About this exercise: When you transcribe the records that follow, reproduce each line exactly as given.

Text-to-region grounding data
+ + +

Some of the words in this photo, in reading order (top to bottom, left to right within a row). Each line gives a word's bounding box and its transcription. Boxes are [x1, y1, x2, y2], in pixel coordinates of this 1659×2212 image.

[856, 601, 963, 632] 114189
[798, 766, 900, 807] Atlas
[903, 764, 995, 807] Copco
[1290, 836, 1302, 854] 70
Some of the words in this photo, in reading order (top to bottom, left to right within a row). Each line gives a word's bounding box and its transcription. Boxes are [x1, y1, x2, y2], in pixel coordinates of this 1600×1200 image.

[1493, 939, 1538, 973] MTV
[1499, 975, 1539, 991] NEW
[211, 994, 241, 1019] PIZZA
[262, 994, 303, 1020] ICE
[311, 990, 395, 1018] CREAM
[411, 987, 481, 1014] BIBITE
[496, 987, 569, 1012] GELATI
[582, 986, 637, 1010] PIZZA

+ + +

Task response:
Some of the words in this photo, in reading order (top to bottom, left to right within a row). Each line gives a word's bounding box and its transcription. Boxes are [x1, y1, x2, y2], in pixel coordinates of this 1659×2212 image.

[856, 601, 963, 632] 114189
[798, 766, 900, 807] Atlas
[903, 764, 995, 807] Copco
[1290, 836, 1302, 854] 70
Some of the words in this photo, in reading order (top to bottom, left to right within a row). Each line gives a word's bounding box and its transcription. Boxes are [x1, y1, x2, y2], in pixel coordinates of this 1600×1200 image.

[1493, 939, 1538, 973] MTV
[1499, 975, 1539, 991] NEW
[211, 994, 241, 1019] PIZZA
[262, 994, 303, 1020] ICE
[311, 990, 395, 1018] CREAM
[411, 987, 481, 1014] BIBITE
[496, 987, 569, 1012] GELATI
[582, 986, 637, 1010] PIZZA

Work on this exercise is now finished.